• [The task]
Copy every line of the data exactly, keeping out any picture.

□ □ □ □

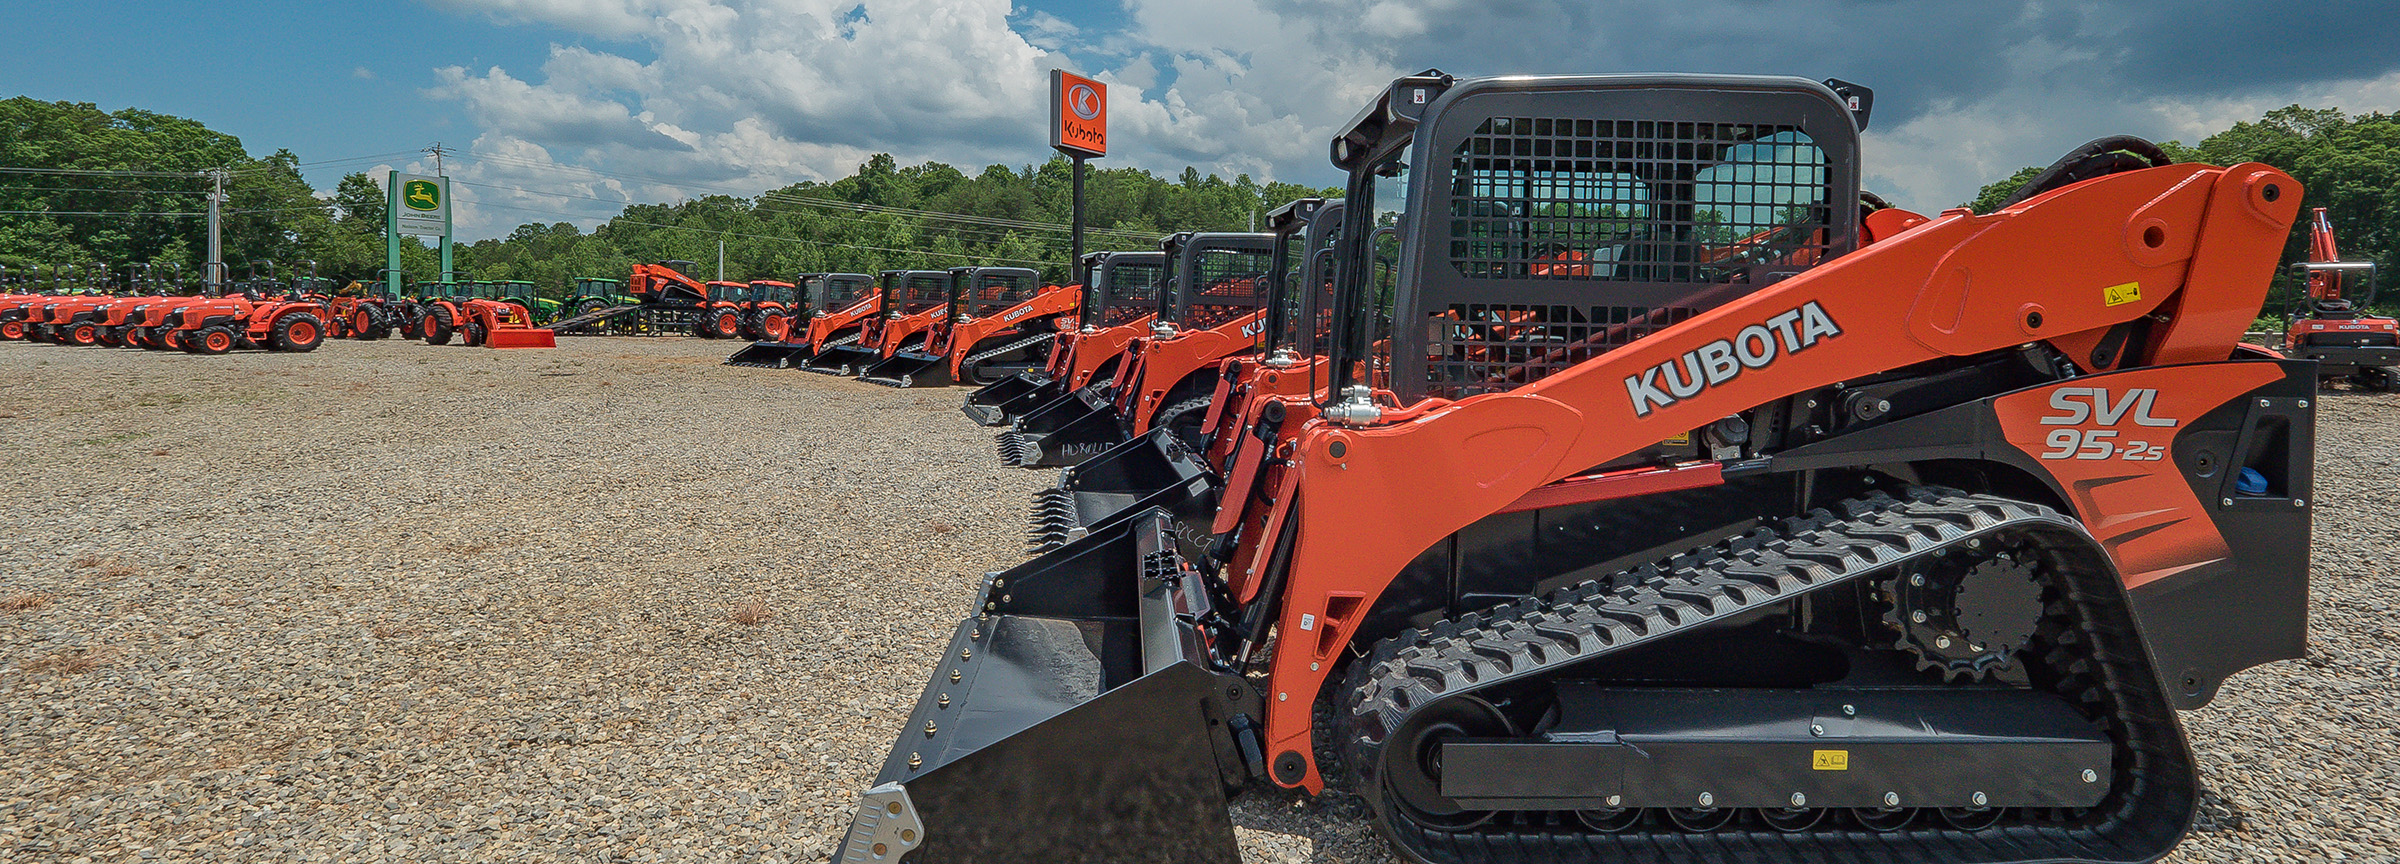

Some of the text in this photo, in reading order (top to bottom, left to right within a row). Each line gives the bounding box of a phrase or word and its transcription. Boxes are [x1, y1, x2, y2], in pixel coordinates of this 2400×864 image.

[1064, 120, 1104, 144] Kubota
[849, 303, 873, 317] KUBOTA
[1003, 305, 1034, 323] KUBOTA
[1623, 299, 1843, 417] KUBOTA
[2040, 387, 2178, 427] SVL

□ □ □ □

• [Result for this task]
Some of the text in this photo, in reading order (top to bottom, left to right within a row). Each line gives the bounding box of a phrase or word and its transcription. Boxes are [x1, y1, x2, y2], in pixel coordinates of this 2400×864 image.

[1064, 120, 1104, 144] Kubota
[849, 303, 873, 317] KUBOTA
[1003, 305, 1034, 323] KUBOTA
[1623, 299, 1843, 417] KUBOTA
[2040, 387, 2178, 427] SVL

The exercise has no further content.